Wildlife charity challenges Scottish windfarms
Wildlife Charity RSPB Scotland has a launched a legal challenge over the consent of four offshore windfarms in the Outer Forth and Tay. The organisation argues that the projects could have “serious implications” on wildlife in the area.
The wind farm developments – Neart na Geoithe, Inch Cape, Seagreen Alpha, and Seagreen Bravo – were approved in October and were expected to provide 2,284 gigawatts of power each year, the equivalent of powering 1.4 million homes.
Consent was given under conditions around mitigating environmental impact and the projects received the backing from some environmental groups, including Friends of the Earth Scotland. However, RSPB said it had concerns about the proximity of seabird colonies.
A spokesperson of RSPB Scotland said, “We have not taken this decision lightly, but having given serious consideration to these decisions to grant consent, we have decided to take legal action. RSPB Scotland has a proven track record of taking a stand on nature to ensure that wildlife and the natural environment is properly safeguarded for the future.”
He added, “If these decisions are allowed to stand, they could have serious implications for how birds and important wildlife sites are protected across Scotland and beyond.”
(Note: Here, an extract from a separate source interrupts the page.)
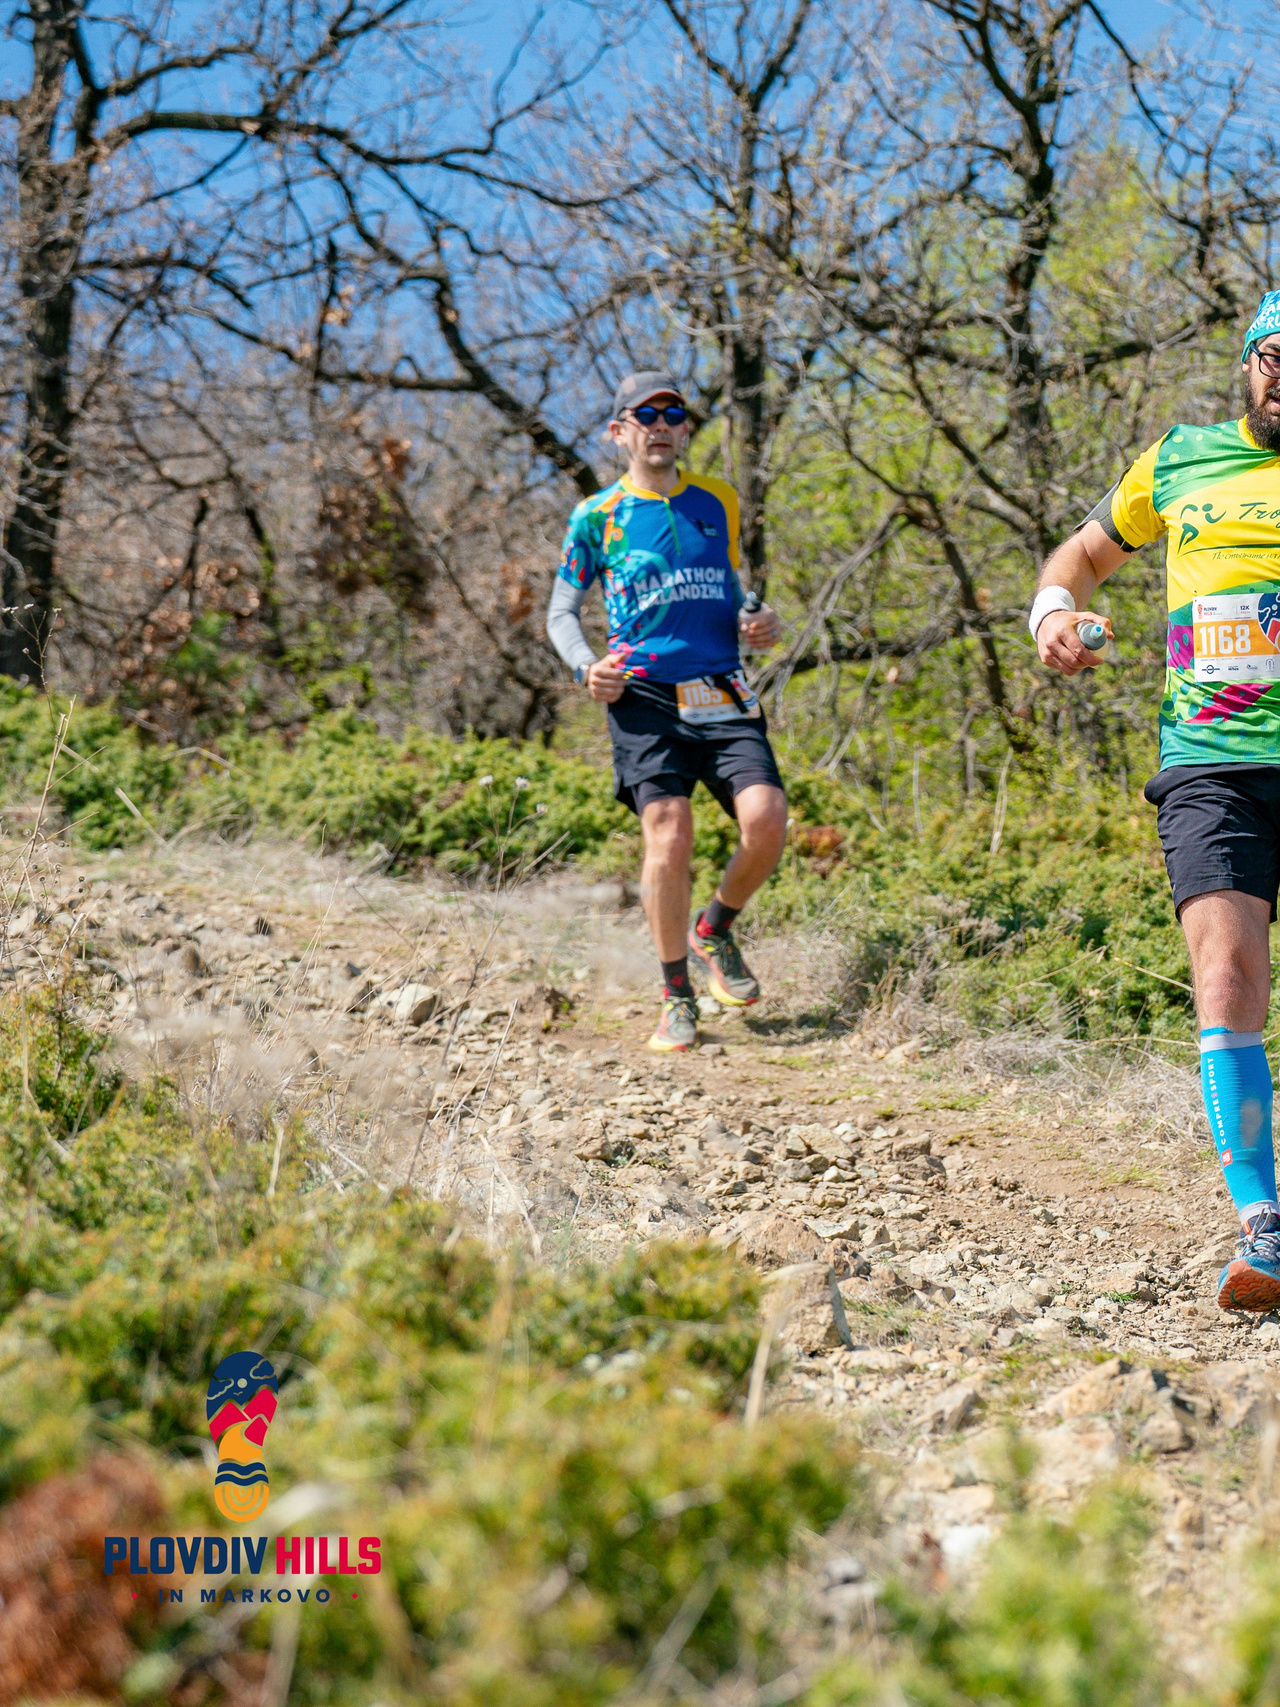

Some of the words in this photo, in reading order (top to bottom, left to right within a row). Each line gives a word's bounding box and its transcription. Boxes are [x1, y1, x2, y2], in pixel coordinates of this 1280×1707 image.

[633, 566, 726, 595] MARATHON
[1199, 624, 1251, 656] 1168
[684, 684, 723, 706] 1165
[1207, 1058, 1226, 1145] COMPRESSPORT
Scottish Renewables has voiced is disappointment in the decision, noting that the opposed projects have already been through ”rigorous, detailed and independent” assessments and could now face delays.
Lindsay Leask, senior policy manager at Scottish Renewables, commented, “This action is now holding up two-thirds of the schemes in development around our coastline. This new delay will make it even harder for Scotland to catch up with the rest of the UK and Northern Europe, which already have a sizeable offshore wind industry and supply chain supporting thousands of jobs.”